Something I rarely see addressed in articles about reactivity systems is how the desired syntax/developer experience affects the algorithms.
For example, I think all the algorithms discussed in this article require knowing the graph topology up front. Even dynamic dependencies need to be known ahead of time, unless I'm misreading.
However, take Vue's reactivity for example. Here's a simple input and output:
const input = ref(1);
const output = computed(() => ref.value + 1);
Without actually attempting to evaluate the closure that defines `output`, there's no way of knowing what it depends on.*My working understanding of such systems, which I think are more or less similar to all the new "signals" libraries popping up in JS, is that they are... Pull-push systems? First, the UI code (i.e. the HTML or JSX template functions) request the value of an output. The reactivity system evaluates the graph (pull), recording dependencies as it goes.
Then, later, when an input changes, it can use the graph it built up to update (push) dirty states and work out which of the currently-live output nodes need to be re-evaluated.
*The only other approach would be to analyse the syntax of the source code itself to create that static dependency graph. Which I understand is what e.g. Svelte does.
Yeah, the UX/DX of the turning these algorithms into something usable is really interesting, and something I didn't get to talk much about.
With the variations on the push algorithm, you do kind of need to know the graph topology ahead of time, at least to be able to traverse it efficiently and correctly (this is the topological sorting thing). But for pull (and therefore for push-pull), the dependencies can be completely dynamic - in a programming language, you can call `eval` or something, or in a spreadsheet you could use `indirect` to generate cell references dynamically. For push-pull specifically, when you evaluate a node you would generally delete all of its upstream connections (i.e. for each cell it depends on currently, remove that dependency) and then rebuild that node's connections to the graph while evaluating it.

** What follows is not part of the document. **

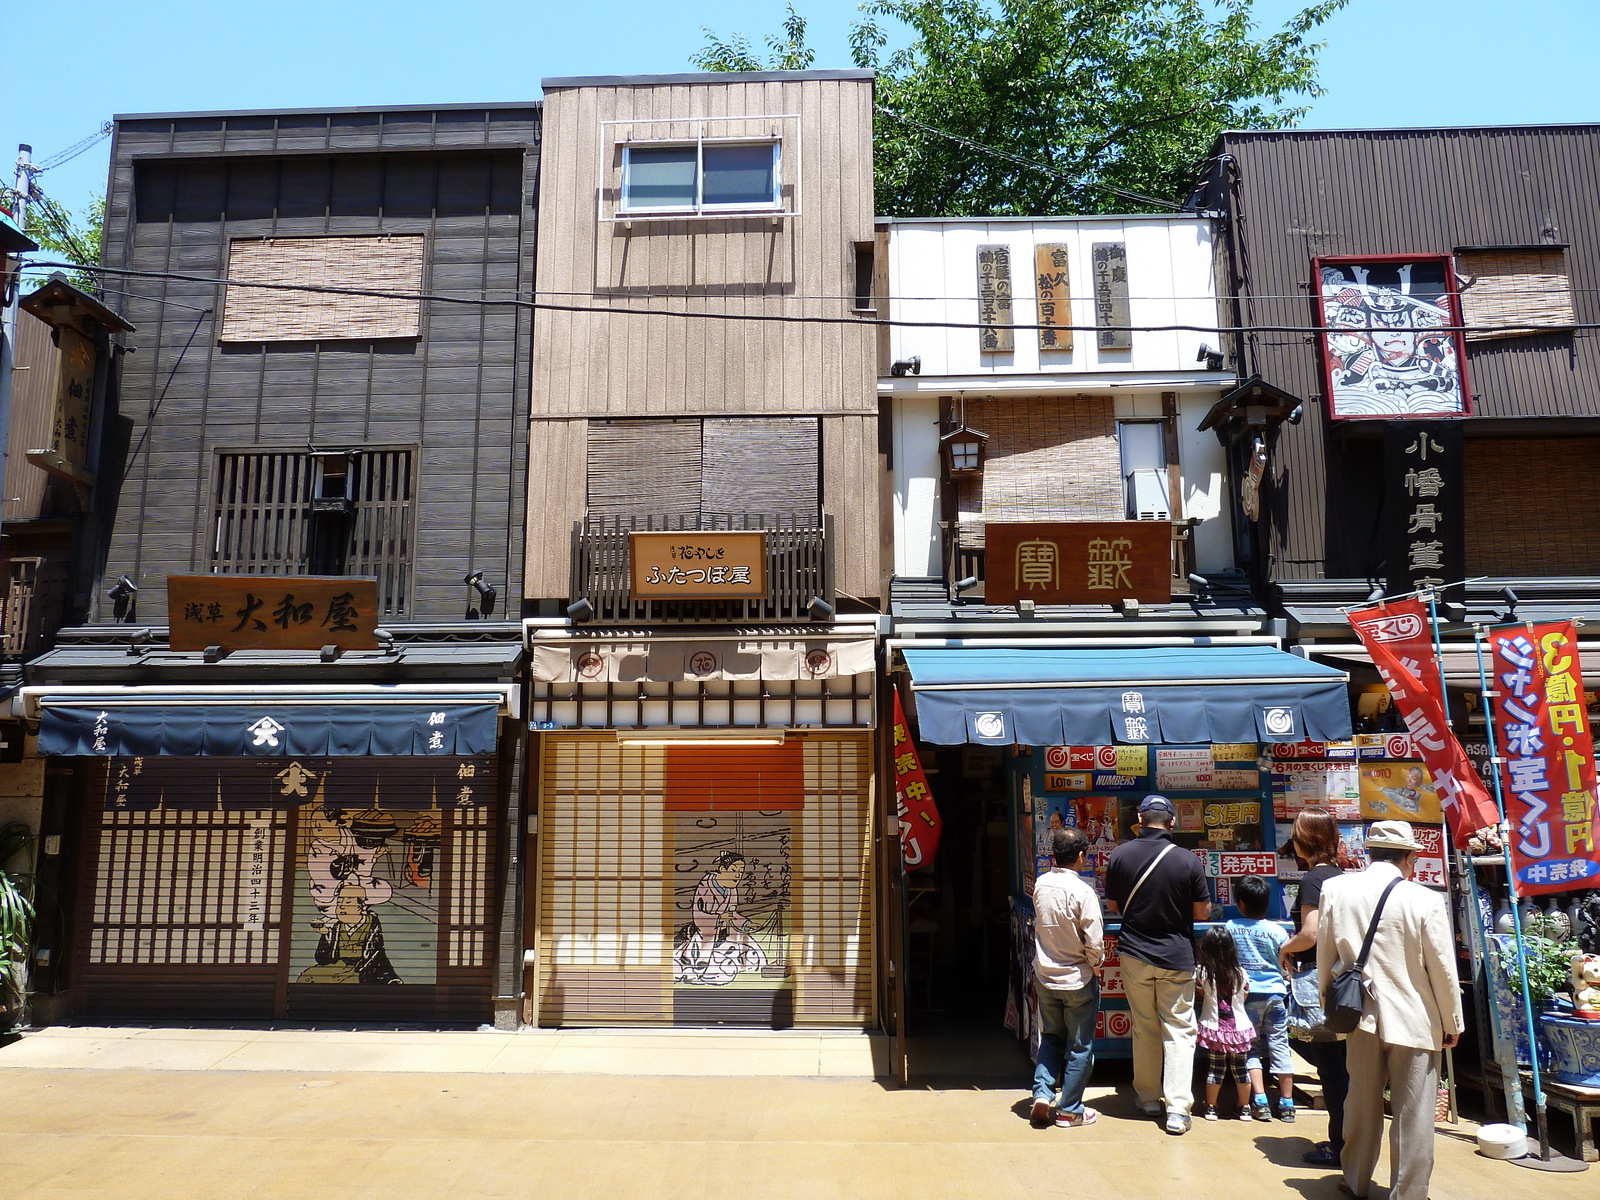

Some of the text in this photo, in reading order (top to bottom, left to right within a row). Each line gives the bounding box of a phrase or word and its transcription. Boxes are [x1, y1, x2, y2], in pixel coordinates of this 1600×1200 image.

Signals libraries are exactly where I found this concept, and they work basically like you describe. I think this is a big part of what makes signals work so well in comparison to, say, RxJS - they're basically the same concept (here's a new reactive primitive, let's model our data in terms of this primitive and then plug that into the UI, so we can separate business logic from rendering logic more cleanly), but the behaviour of a signal is often easier to understand because it's not built from different combinators but just described in "ordinary" code. In effect, if observables are monads that need to be wired together with the correct combinators, then signals are do-notation.